(Exercise instructions) Write out only the final part of the records below. It begins with the line that contains "this 1920×1202 image." and ends with the last line.

(The data)
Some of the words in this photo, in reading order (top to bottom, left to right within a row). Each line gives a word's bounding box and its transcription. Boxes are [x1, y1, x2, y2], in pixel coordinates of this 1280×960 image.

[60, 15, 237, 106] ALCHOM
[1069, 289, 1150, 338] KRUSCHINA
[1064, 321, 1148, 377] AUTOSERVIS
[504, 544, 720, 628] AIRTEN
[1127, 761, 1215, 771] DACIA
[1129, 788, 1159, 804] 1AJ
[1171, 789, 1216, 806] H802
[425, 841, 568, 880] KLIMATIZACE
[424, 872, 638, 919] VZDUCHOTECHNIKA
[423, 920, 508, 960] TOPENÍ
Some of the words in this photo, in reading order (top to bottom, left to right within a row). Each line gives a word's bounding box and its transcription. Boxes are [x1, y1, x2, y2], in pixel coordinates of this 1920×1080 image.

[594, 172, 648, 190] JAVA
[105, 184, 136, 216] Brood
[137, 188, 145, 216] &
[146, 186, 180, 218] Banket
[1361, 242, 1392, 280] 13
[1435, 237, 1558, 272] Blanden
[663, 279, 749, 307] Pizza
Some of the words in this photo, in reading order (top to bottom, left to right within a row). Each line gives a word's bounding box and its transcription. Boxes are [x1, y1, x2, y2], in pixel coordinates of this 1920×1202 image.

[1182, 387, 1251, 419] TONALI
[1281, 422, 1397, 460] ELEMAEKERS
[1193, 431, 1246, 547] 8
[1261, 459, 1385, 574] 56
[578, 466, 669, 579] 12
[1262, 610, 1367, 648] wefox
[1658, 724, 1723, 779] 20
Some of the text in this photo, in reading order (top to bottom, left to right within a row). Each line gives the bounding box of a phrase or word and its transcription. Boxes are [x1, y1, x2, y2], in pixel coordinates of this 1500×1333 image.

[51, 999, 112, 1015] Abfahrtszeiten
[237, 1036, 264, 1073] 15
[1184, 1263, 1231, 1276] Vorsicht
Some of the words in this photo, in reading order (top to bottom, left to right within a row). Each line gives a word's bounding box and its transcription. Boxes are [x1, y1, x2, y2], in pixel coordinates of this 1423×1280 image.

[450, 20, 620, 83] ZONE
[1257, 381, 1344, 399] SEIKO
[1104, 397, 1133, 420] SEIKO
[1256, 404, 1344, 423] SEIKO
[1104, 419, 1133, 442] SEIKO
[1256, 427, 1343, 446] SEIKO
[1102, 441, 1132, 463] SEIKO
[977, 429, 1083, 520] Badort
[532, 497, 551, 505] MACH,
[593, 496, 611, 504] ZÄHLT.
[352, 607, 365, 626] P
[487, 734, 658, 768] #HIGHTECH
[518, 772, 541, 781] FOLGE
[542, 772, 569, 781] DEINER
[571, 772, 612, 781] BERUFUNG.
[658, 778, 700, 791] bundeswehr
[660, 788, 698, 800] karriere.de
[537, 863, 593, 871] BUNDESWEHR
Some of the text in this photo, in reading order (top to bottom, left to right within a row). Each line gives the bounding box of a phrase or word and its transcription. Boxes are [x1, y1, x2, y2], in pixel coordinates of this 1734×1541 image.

(Written response)
Some of the words in this photo, in reading order (top to bottom, left to right within a row). Each line gives a word's bounding box and its transcription. Boxes are [x1, y1, x2, y2], in pixel coordinates of this 1920×1202 image.

[1182, 387, 1251, 419] TONALI
[1281, 422, 1397, 460] ELEMAEKERS
[1193, 431, 1246, 547] 8
[1261, 459, 1385, 574] 56
[578, 466, 669, 579] 12
[1262, 610, 1367, 648] wefox
[1658, 724, 1723, 779] 20
Some of the text in this photo, in reading order (top to bottom, left to right within a row). Each line gives the bounding box of a phrase or word and its transcription. Boxes are [x1, y1, x2, y2], in pixel coordinates of this 1500×1333 image.

[51, 999, 112, 1015] Abfahrtszeiten
[237, 1036, 264, 1073] 15
[1184, 1263, 1231, 1276] Vorsicht
Some of the words in this photo, in reading order (top to bottom, left to right within a row). Each line gives a word's bounding box and its transcription. Boxes are [x1, y1, x2, y2], in pixel coordinates of this 1423×1280 image.

[450, 20, 620, 83] ZONE
[1257, 381, 1344, 399] SEIKO
[1104, 397, 1133, 420] SEIKO
[1256, 404, 1344, 423] SEIKO
[1104, 419, 1133, 442] SEIKO
[1256, 427, 1343, 446] SEIKO
[1102, 441, 1132, 463] SEIKO
[977, 429, 1083, 520] Badort
[532, 497, 551, 505] MACH,
[593, 496, 611, 504] ZÄHLT.
[352, 607, 365, 626] P
[487, 734, 658, 768] #HIGHTECH
[518, 772, 541, 781] FOLGE
[542, 772, 569, 781] DEINER
[571, 772, 612, 781] BERUFUNG.
[658, 778, 700, 791] bundeswehr
[660, 788, 698, 800] karriere.de
[537, 863, 593, 871] BUNDESWEHR
Some of the text in this photo, in reading order (top to bottom, left to right within a row). Each line gives the bounding box of a phrase or word and its transcription. Boxes are [x1, y1, x2, y2], in pixel coordinates of this 1734×1541 image.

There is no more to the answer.